■ Referring expression grounding data
■ ■ ■

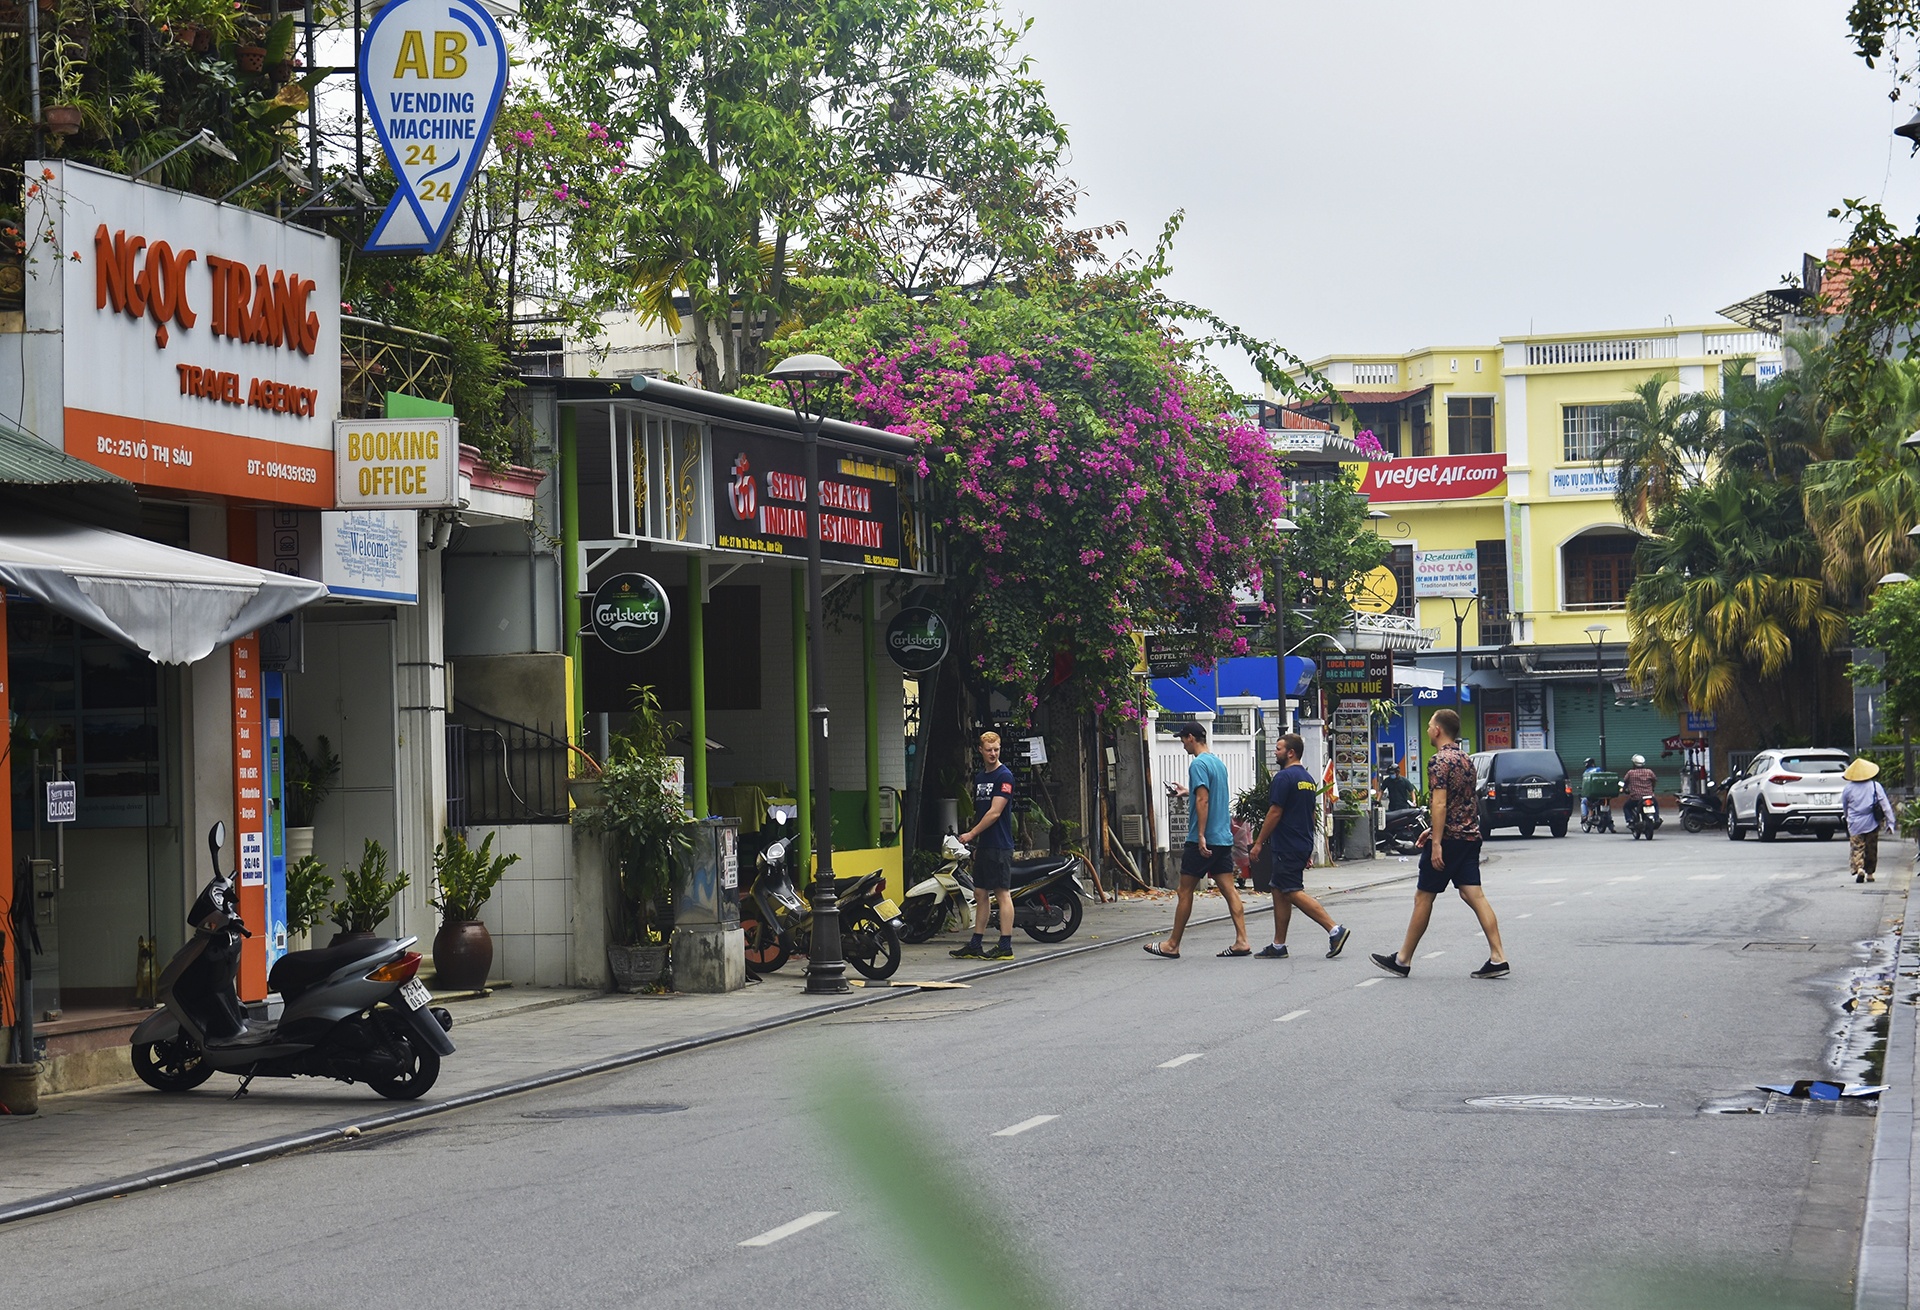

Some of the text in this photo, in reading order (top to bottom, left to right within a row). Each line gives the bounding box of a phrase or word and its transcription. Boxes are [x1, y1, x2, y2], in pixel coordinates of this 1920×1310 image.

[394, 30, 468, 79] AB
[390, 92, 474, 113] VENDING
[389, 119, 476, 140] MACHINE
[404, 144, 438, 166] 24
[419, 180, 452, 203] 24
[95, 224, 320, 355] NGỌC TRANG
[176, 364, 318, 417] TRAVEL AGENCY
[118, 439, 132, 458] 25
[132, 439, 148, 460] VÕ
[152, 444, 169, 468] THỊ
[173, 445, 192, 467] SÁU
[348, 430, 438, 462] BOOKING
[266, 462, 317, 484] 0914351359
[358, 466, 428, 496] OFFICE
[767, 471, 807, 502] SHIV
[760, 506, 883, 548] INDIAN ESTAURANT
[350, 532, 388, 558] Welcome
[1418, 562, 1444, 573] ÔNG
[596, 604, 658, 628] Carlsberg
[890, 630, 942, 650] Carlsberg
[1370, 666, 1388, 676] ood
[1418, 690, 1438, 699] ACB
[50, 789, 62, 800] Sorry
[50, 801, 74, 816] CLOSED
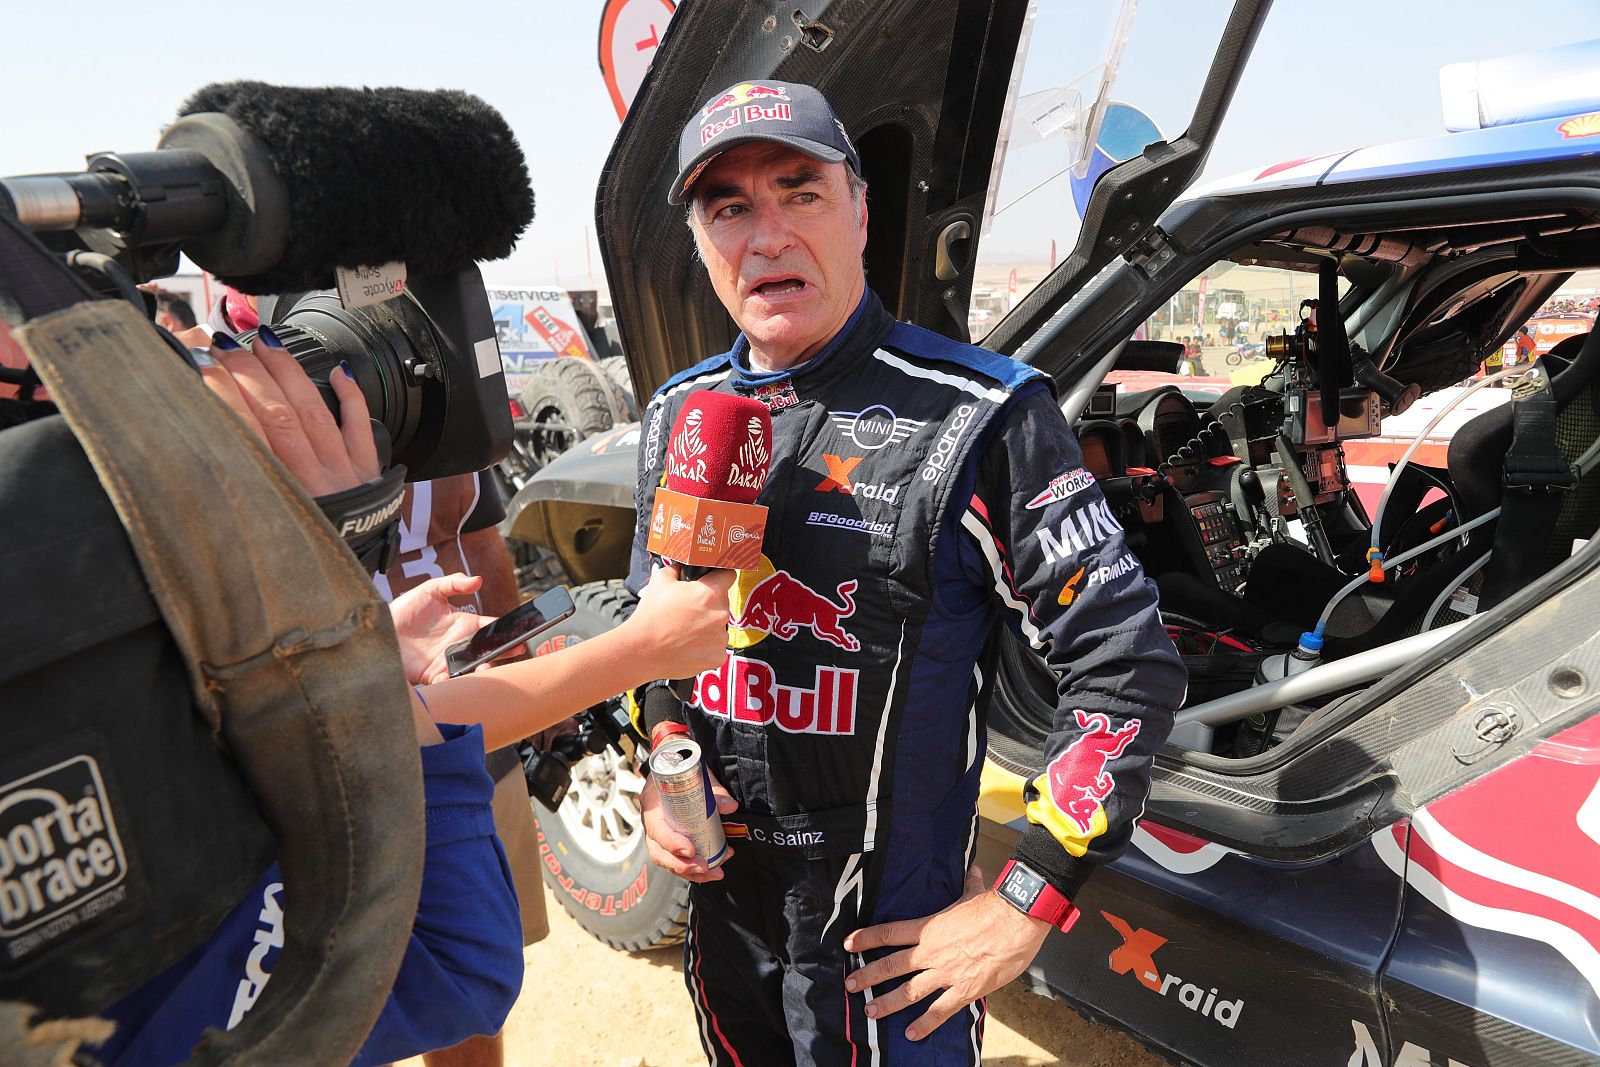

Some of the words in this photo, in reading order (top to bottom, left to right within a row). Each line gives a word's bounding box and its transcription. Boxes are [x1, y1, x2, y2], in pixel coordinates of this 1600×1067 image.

■ ■ ■

What I need is every record written out exactly, minus the pictures.

Some of the text in this photo, in reading order (top to bottom, left to right within a row). Each line gives the bounding box of a phrase or word and its transcription. Boxes are [x1, y1, x2, y2], in pixel coordinates of this 1920×1310 image.

[394, 30, 468, 79] AB
[390, 92, 474, 113] VENDING
[389, 119, 476, 140] MACHINE
[404, 144, 438, 166] 24
[419, 180, 452, 203] 24
[95, 224, 320, 355] NGỌC TRANG
[176, 364, 318, 417] TRAVEL AGENCY
[118, 439, 132, 458] 25
[132, 439, 148, 460] VÕ
[152, 444, 169, 468] THỊ
[173, 445, 192, 467] SÁU
[348, 430, 438, 462] BOOKING
[266, 462, 317, 484] 0914351359
[358, 466, 428, 496] OFFICE
[767, 471, 807, 502] SHIV
[760, 506, 883, 548] INDIAN ESTAURANT
[350, 532, 388, 558] Welcome
[1418, 562, 1444, 573] ÔNG
[596, 604, 658, 628] Carlsberg
[890, 630, 942, 650] Carlsberg
[1370, 666, 1388, 676] ood
[1418, 690, 1438, 699] ACB
[50, 789, 62, 800] Sorry
[50, 801, 74, 816] CLOSED

Some of the words in this photo, in reading order (top to bottom, left to right within a row). Each line gives a word's bounding box and its transcription. Boxes are [x1, y1, x2, y2], in pixel coordinates of this 1600×1067 image.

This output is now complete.